#### What is being asked:
Would you reproduce the whole listing exactly, minus its images?
[[ Data under study open ]]
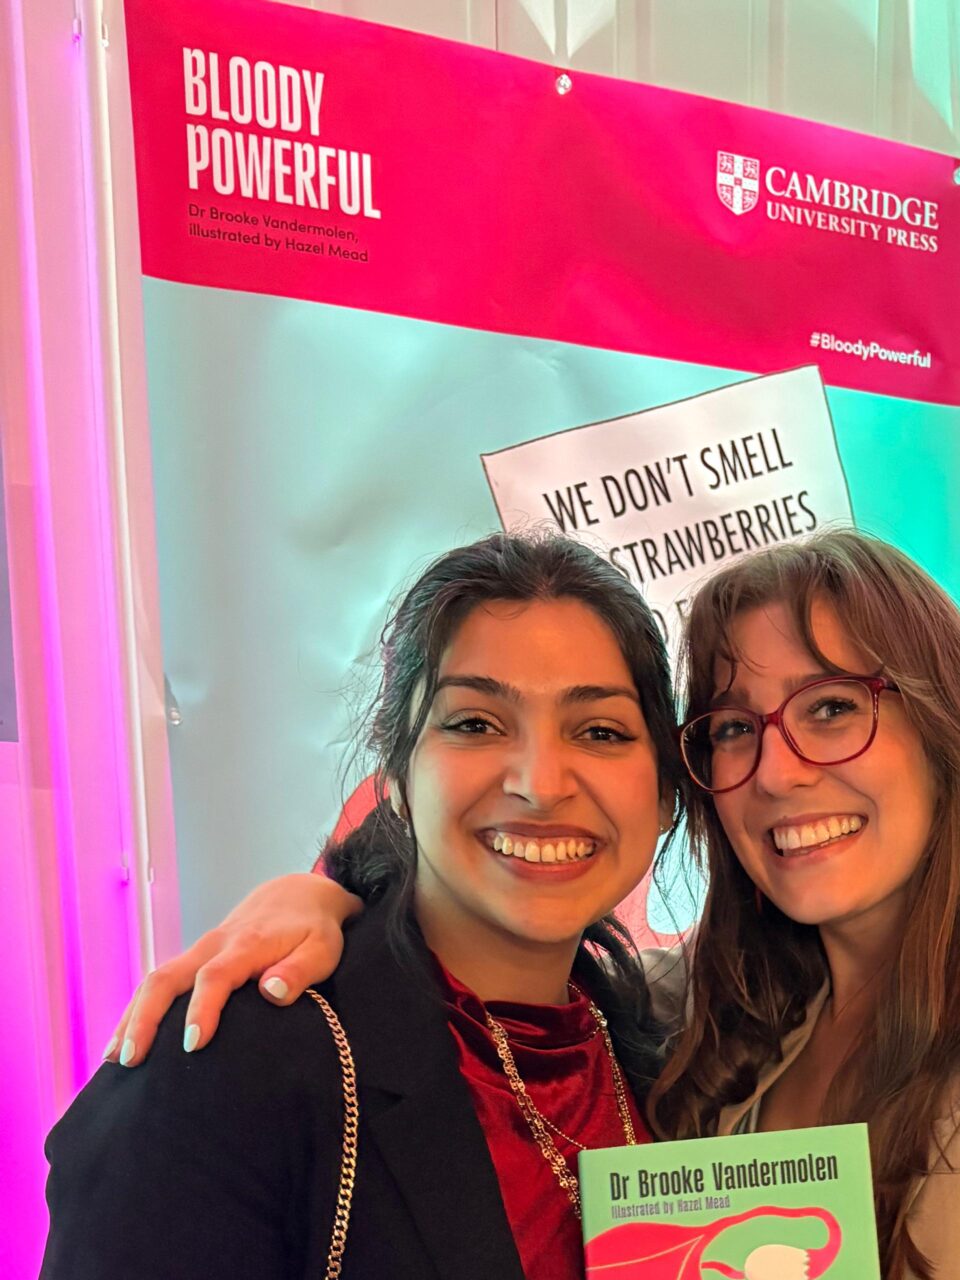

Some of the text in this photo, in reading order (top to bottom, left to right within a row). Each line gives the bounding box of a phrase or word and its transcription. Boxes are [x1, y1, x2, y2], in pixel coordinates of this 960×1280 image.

[182, 46, 324, 136] BLOODY
[186, 123, 382, 219] POWERFUL
[188, 203, 359, 244] Dr Brooke Vandermolen,
[765, 166, 939, 230] CAMBRIDGE
[188, 223, 369, 263] illustrated by Hazel Mead
[765, 200, 939, 253] UNIVERSITY PRESS
[809, 332, 932, 368] #BloodyPowerful
[542, 427, 793, 534] WE DON'T SMELL
[609, 490, 818, 584] STRAWBERRIES
[609, 1153, 839, 1201] Dr Brooke Vandermolen
[611, 1195, 731, 1219] Illustrated by Hazel Mead
[[ Data under study closed ]]
#### Exercise solution:
Some of the text in this photo, in reading order (top to bottom, left to right within a row). Each line gives the bounding box of a phrase or word and its transcription. Boxes are [x1, y1, x2, y2], in pixel coordinates of this 960×1280 image.

[182, 46, 324, 136] BLOODY
[186, 123, 382, 219] POWERFUL
[188, 203, 359, 244] Dr Brooke Vandermolen,
[765, 166, 939, 230] CAMBRIDGE
[188, 223, 369, 263] illustrated by Hazel Mead
[765, 200, 939, 253] UNIVERSITY PRESS
[809, 332, 932, 368] #BloodyPowerful
[542, 427, 793, 534] WE DON'T SMELL
[609, 490, 818, 584] STRAWBERRIES
[609, 1153, 839, 1201] Dr Brooke Vandermolen
[611, 1195, 731, 1219] Illustrated by Hazel Mead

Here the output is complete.